What I did was I disagreed with many points they made and did it in a rubric form like this below:

Q: Do Videogames make people violent?
MAVAV's Answer: Yes
My Answer: No, (details on why I said no)

And I did this for almost every point on the page and clarified some of their obvious mistakes, such as forgetting to mention the ESRB Rating System, how games are rated, PARENTAL ORDERS, and basicly how the US Army only markets their game for people with a SERIOUS interest in becoming a US Army Soldier.

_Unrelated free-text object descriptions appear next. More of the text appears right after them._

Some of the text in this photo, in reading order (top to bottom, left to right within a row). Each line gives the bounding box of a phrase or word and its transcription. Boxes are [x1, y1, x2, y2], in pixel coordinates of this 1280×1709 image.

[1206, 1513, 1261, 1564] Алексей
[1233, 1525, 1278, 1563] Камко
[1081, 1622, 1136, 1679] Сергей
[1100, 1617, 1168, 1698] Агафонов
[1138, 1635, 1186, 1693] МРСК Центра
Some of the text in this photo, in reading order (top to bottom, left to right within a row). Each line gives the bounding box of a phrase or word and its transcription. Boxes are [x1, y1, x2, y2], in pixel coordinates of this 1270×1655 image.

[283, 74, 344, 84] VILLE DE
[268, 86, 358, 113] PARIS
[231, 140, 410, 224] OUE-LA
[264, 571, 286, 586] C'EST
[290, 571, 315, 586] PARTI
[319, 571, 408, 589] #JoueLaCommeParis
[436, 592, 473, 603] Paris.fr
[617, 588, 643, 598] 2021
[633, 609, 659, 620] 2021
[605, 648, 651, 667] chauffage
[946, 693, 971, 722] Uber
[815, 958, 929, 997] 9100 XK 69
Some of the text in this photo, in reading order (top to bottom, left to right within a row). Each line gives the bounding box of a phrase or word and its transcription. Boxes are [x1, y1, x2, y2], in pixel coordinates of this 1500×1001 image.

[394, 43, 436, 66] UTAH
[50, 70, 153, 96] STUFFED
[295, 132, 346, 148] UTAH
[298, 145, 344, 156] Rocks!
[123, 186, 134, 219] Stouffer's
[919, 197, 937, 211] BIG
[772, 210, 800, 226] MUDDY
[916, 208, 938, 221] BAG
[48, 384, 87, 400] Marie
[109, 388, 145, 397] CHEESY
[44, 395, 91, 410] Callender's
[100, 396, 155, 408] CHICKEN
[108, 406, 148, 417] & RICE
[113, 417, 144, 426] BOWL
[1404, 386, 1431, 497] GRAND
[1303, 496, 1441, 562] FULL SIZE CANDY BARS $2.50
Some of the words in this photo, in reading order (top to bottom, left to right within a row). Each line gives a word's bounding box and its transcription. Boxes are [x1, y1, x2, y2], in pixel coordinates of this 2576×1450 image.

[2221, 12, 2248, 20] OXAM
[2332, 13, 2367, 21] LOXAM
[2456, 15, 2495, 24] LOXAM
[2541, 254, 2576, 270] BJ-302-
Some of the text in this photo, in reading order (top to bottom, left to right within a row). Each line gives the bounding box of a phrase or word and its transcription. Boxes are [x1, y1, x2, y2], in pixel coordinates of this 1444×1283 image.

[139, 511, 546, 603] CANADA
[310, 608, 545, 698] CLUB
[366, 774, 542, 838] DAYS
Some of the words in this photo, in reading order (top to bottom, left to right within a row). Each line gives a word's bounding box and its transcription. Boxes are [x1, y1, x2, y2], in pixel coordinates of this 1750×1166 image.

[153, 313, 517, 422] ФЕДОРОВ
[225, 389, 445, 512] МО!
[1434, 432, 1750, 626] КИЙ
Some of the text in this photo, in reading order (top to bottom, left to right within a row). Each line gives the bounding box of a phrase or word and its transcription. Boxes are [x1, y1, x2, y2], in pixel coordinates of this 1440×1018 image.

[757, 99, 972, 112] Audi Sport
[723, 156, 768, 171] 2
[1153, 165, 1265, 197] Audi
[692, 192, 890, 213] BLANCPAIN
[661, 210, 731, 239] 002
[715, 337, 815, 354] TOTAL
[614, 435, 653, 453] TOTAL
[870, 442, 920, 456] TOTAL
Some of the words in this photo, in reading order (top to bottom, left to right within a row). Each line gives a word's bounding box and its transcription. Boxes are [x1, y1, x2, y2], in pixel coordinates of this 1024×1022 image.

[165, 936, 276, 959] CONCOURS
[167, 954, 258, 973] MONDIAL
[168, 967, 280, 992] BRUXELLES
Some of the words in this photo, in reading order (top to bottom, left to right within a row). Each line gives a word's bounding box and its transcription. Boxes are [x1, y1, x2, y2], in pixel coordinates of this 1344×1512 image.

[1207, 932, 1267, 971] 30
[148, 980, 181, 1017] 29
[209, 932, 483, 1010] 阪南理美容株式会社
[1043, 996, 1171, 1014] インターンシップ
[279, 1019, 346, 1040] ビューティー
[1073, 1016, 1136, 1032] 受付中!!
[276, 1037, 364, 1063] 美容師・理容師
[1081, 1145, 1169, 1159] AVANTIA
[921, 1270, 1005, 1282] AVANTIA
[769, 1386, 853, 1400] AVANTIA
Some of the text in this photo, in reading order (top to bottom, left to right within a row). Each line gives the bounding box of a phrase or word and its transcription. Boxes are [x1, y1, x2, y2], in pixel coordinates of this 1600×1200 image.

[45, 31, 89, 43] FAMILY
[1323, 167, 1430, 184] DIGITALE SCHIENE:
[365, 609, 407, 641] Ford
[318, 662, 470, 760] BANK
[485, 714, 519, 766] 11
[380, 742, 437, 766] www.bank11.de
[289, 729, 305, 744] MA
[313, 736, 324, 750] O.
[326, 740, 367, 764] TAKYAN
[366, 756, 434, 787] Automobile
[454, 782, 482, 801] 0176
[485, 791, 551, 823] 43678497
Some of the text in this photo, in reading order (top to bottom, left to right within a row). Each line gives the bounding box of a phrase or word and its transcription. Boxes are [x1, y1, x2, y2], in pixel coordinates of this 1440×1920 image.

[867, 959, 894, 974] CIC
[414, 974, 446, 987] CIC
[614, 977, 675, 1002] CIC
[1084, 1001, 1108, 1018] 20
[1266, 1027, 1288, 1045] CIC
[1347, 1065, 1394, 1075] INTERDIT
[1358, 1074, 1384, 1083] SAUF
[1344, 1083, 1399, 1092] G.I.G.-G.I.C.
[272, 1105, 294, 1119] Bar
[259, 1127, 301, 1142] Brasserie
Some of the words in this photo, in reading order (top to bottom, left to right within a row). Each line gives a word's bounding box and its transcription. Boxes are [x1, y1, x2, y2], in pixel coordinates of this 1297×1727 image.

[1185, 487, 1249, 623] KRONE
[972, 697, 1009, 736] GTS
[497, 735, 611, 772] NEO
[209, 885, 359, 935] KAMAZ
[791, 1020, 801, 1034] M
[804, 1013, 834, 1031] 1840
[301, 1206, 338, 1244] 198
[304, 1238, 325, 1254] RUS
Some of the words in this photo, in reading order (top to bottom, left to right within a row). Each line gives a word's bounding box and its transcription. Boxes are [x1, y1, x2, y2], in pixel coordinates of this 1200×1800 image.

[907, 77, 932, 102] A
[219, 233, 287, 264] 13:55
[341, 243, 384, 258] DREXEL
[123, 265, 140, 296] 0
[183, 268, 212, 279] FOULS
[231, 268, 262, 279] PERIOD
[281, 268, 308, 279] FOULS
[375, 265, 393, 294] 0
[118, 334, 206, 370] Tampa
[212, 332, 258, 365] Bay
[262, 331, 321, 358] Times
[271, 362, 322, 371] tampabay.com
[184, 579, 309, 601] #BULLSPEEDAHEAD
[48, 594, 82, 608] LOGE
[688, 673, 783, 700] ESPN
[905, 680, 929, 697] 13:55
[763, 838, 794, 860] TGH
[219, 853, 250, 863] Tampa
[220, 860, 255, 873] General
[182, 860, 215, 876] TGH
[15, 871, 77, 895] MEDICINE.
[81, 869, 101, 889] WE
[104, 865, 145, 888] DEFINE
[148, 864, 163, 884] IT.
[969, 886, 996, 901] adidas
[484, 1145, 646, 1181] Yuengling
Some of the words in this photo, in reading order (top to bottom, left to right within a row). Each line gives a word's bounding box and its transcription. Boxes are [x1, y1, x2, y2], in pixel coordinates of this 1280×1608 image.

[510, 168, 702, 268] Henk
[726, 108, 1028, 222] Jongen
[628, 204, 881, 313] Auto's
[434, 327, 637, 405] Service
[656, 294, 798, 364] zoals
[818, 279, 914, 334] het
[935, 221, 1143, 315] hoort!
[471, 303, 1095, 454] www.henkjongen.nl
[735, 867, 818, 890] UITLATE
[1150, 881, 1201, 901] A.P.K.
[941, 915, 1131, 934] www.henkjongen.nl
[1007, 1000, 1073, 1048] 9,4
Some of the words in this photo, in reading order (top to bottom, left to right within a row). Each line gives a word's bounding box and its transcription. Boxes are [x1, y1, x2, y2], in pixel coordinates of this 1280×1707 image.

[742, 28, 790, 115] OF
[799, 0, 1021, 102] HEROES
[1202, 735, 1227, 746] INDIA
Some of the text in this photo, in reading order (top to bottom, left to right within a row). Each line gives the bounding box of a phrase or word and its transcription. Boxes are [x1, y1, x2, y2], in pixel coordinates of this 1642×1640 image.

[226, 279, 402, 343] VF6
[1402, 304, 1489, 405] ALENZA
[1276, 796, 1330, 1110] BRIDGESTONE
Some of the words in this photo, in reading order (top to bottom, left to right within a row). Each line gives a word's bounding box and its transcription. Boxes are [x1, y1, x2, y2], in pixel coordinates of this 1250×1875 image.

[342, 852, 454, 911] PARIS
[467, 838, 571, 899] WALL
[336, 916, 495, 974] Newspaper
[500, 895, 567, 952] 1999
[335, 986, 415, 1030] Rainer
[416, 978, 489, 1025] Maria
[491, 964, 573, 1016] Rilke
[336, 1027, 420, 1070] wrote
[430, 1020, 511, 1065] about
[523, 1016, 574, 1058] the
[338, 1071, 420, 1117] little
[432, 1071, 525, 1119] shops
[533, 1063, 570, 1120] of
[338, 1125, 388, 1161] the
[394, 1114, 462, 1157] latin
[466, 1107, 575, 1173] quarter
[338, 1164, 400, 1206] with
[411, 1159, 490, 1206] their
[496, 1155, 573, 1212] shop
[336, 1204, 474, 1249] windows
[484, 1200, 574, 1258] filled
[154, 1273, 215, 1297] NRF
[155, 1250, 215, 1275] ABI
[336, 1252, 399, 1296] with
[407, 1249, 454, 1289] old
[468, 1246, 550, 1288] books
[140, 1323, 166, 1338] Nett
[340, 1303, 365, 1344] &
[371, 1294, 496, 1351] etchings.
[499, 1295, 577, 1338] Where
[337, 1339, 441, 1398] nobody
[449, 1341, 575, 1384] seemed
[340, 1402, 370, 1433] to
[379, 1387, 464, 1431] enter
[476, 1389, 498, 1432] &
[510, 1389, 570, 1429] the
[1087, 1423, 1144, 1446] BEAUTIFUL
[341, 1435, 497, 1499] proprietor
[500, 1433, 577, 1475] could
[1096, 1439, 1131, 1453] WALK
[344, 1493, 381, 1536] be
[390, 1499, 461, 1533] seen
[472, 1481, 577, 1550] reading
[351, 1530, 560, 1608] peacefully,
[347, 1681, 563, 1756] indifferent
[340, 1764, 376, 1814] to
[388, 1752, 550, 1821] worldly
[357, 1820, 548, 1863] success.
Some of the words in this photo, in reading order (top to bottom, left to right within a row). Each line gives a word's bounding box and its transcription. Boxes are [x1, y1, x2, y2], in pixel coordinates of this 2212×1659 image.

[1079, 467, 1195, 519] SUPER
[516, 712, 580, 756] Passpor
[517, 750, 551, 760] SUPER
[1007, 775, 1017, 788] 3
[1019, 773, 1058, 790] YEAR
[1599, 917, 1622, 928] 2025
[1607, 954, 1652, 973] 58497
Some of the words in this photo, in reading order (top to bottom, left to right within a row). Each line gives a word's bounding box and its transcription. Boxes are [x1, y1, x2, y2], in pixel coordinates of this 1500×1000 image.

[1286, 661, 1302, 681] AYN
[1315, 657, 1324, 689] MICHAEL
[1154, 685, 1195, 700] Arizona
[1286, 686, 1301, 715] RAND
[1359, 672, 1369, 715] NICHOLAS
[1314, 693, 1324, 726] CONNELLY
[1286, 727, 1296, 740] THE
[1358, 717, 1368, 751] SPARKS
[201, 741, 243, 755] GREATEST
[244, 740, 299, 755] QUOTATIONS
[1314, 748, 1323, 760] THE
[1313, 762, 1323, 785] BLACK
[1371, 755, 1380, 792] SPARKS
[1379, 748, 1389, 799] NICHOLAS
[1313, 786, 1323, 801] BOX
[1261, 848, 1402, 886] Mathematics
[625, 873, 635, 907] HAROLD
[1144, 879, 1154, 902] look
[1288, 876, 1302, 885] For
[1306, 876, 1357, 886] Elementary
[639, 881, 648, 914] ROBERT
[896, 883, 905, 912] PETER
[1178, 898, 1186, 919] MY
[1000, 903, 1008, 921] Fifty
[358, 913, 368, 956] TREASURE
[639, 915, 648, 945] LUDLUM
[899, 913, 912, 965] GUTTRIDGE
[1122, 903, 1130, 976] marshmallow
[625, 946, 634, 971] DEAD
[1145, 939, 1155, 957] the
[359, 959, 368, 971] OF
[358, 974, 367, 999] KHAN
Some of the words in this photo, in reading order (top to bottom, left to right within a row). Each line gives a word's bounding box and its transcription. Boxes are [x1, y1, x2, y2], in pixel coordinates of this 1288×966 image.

I made several minor jabs at it being the Parent's Fault for allowing Videogame addiction and loss of grade levels because they don't control their child. It's not the videogame's job or the manufacture's job to do so but solely that of the parents, and how if they wanted their children videogame free that was their right but to attempt to force it upon other's is a violation of our Civil Rights and that they could pretty much just stop making fools of themselves with their half-truths and whole lies.


I also pointed out that while I play the Test several hours a week and other games almost everynight, I have managed to maintain a 4.0 average GPA and have the academic wreath on my ROTC uniform to prove it.

Also, their vaunted "studies" notice one second they label it "frenzy" and then four words later "in one of these studies" notice the other's DIDNT find that or they would've said "several or many" to further bolster their stand.

I also said that the Devs are some good friends of ours and play WITH us ingame and they dont try to release small packagse for "hits" to keep players comming. The Devs say "Hey, we'd like you to stay but if you dont wanna..."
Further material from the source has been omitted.